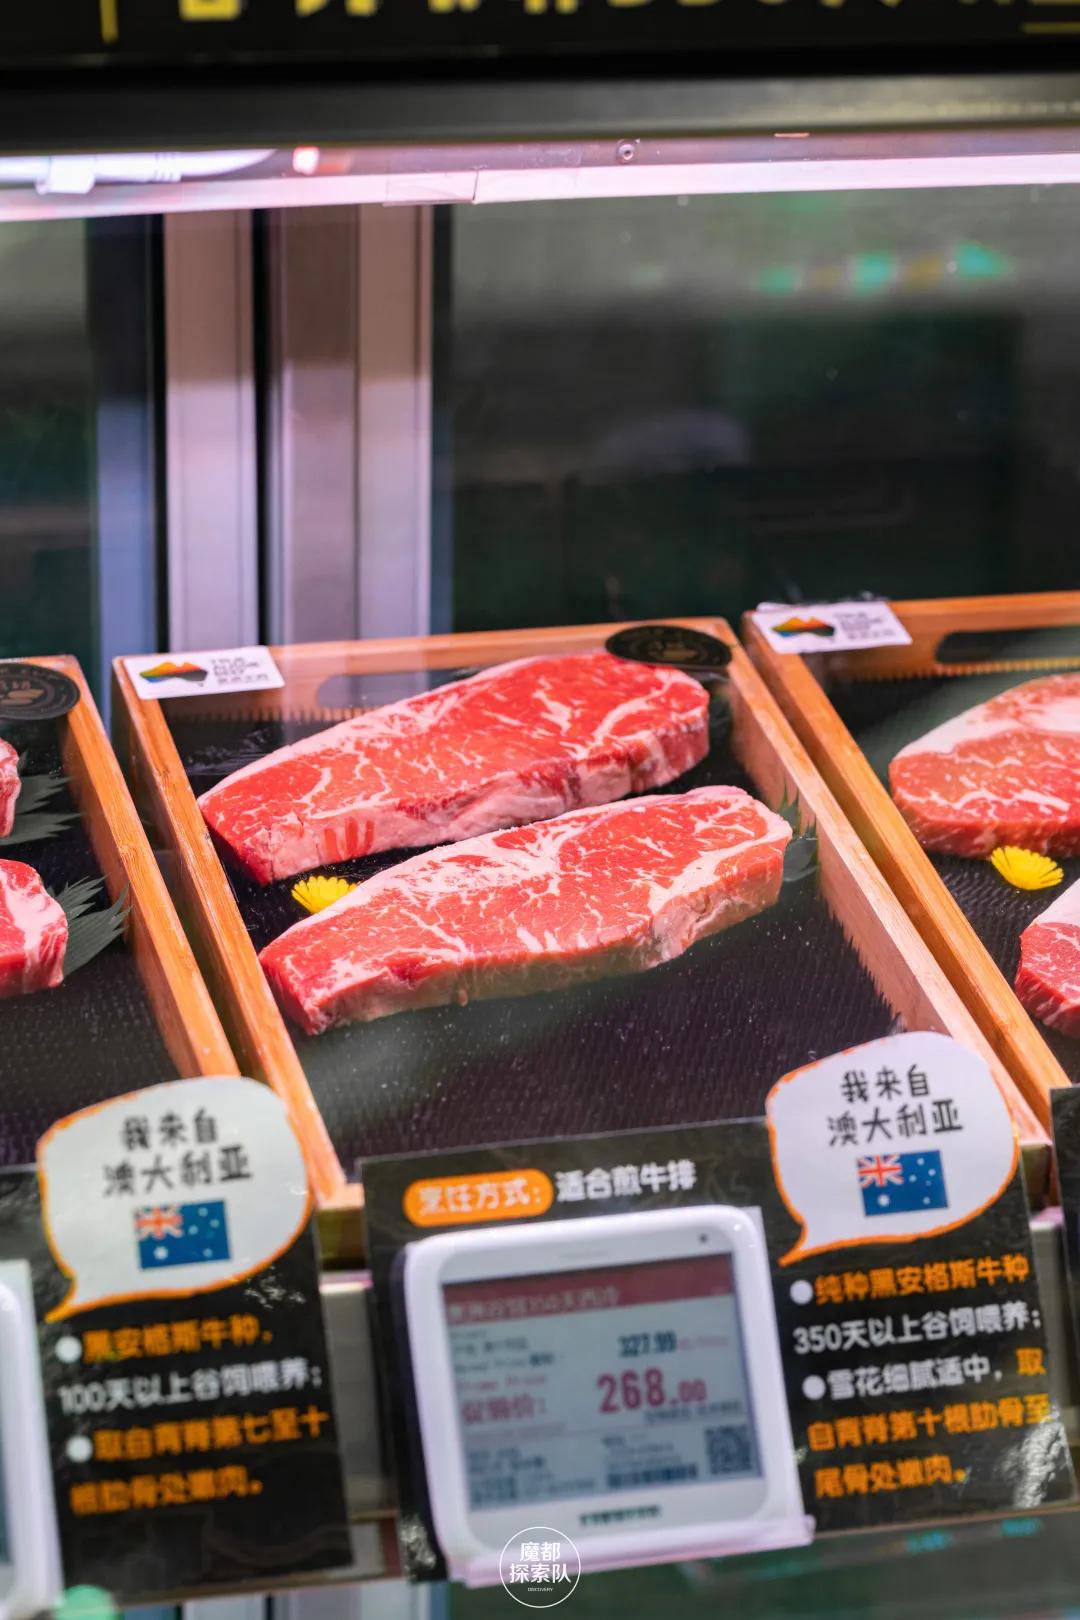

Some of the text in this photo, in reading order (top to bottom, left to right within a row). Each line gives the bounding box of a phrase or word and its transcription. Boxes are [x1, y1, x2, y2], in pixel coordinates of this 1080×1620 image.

[841, 1064, 930, 1103] 我来自
[122, 1107, 218, 1150] 我来自
[827, 1098, 964, 1147] 澳大利亚
[102, 1144, 254, 1197] 澳大利亚
++++++++++
EXERCISE BRIEF:
Output the listing word for word. Drop the pictures.

ANSWER TO THE PROBLEM:
Some of the text in this photo, in reading order (top to bottom, left to right within a row). Each line gives the bounding box of a phrase or word and its transcription. Boxes are [x1, y1, x2, y2], in pixel coordinates of this 1080×1620 image.

[841, 1064, 930, 1103] 我来自
[122, 1107, 218, 1150] 我来自
[827, 1098, 964, 1147] 澳大利亚
[102, 1144, 254, 1197] 澳大利亚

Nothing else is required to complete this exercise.